Give back every record below, character for character.

---- Provided information

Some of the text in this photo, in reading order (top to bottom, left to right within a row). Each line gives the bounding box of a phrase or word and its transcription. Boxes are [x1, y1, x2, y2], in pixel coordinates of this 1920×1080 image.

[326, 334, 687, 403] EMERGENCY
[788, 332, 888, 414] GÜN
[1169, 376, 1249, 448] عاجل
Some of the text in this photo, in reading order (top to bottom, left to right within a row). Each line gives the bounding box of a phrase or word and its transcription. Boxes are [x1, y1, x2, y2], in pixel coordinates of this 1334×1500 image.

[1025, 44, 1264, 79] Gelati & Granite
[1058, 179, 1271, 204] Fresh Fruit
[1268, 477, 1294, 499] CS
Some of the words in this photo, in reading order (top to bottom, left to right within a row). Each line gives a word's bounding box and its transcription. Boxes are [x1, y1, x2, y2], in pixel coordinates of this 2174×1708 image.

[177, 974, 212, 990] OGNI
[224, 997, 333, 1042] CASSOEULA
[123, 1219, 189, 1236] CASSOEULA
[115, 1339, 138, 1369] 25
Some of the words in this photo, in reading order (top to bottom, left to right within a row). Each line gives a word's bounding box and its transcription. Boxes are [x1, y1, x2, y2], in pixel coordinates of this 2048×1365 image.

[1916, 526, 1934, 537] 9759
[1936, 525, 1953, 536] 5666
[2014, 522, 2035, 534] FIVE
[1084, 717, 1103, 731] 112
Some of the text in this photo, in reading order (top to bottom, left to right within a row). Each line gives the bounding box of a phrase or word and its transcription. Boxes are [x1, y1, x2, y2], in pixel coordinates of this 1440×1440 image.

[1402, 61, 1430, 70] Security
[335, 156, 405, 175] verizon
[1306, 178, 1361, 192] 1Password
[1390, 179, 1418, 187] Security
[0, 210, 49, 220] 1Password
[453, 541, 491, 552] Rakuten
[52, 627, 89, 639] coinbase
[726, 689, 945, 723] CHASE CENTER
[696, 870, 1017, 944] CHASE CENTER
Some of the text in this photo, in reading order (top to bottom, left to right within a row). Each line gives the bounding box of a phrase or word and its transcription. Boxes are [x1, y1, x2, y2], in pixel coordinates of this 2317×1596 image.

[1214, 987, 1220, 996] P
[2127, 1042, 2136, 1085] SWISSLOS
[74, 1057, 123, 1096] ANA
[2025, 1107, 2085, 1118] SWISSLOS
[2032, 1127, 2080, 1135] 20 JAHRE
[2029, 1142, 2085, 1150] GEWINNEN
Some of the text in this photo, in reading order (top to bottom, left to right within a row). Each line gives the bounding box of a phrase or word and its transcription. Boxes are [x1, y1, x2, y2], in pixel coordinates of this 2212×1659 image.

--------

### Answer to this problem
Some of the text in this photo, in reading order (top to bottom, left to right within a row). Each line gives the bounding box of a phrase or word and its transcription. Boxes are [x1, y1, x2, y2], in pixel coordinates of this 1920×1080 image.

[326, 334, 687, 403] EMERGENCY
[788, 332, 888, 414] GÜN
[1169, 376, 1249, 448] عاجل
Some of the text in this photo, in reading order (top to bottom, left to right within a row). Each line gives the bounding box of a phrase or word and its transcription. Boxes are [x1, y1, x2, y2], in pixel coordinates of this 1334×1500 image.

[1025, 44, 1264, 79] Gelati & Granite
[1058, 179, 1271, 204] Fresh Fruit
[1268, 477, 1294, 499] CS
Some of the words in this photo, in reading order (top to bottom, left to right within a row). Each line gives a word's bounding box and its transcription. Boxes are [x1, y1, x2, y2], in pixel coordinates of this 2174×1708 image.

[177, 974, 212, 990] OGNI
[224, 997, 333, 1042] CASSOEULA
[123, 1219, 189, 1236] CASSOEULA
[115, 1339, 138, 1369] 25
Some of the words in this photo, in reading order (top to bottom, left to right within a row). Each line gives a word's bounding box and its transcription. Boxes are [x1, y1, x2, y2], in pixel coordinates of this 2048×1365 image.

[1916, 526, 1934, 537] 9759
[1936, 525, 1953, 536] 5666
[2014, 522, 2035, 534] FIVE
[1084, 717, 1103, 731] 112
Some of the text in this photo, in reading order (top to bottom, left to right within a row). Each line gives the bounding box of a phrase or word and its transcription. Boxes are [x1, y1, x2, y2], in pixel coordinates of this 1440×1440 image.

[1402, 61, 1430, 70] Security
[335, 156, 405, 175] verizon
[1306, 178, 1361, 192] 1Password
[1390, 179, 1418, 187] Security
[0, 210, 49, 220] 1Password
[453, 541, 491, 552] Rakuten
[52, 627, 89, 639] coinbase
[726, 689, 945, 723] CHASE CENTER
[696, 870, 1017, 944] CHASE CENTER
Some of the text in this photo, in reading order (top to bottom, left to right within a row). Each line gives the bounding box of a phrase or word and its transcription. Boxes are [x1, y1, x2, y2], in pixel coordinates of this 2317×1596 image.

[1214, 987, 1220, 996] P
[2127, 1042, 2136, 1085] SWISSLOS
[74, 1057, 123, 1096] ANA
[2025, 1107, 2085, 1118] SWISSLOS
[2032, 1127, 2080, 1135] 20 JAHRE
[2029, 1142, 2085, 1150] GEWINNEN
Some of the text in this photo, in reading order (top to bottom, left to right within a row). Each line gives the bounding box of a phrase or word and its transcription. Boxes are [x1, y1, x2, y2], in pixel coordinates of this 2212×1659 image.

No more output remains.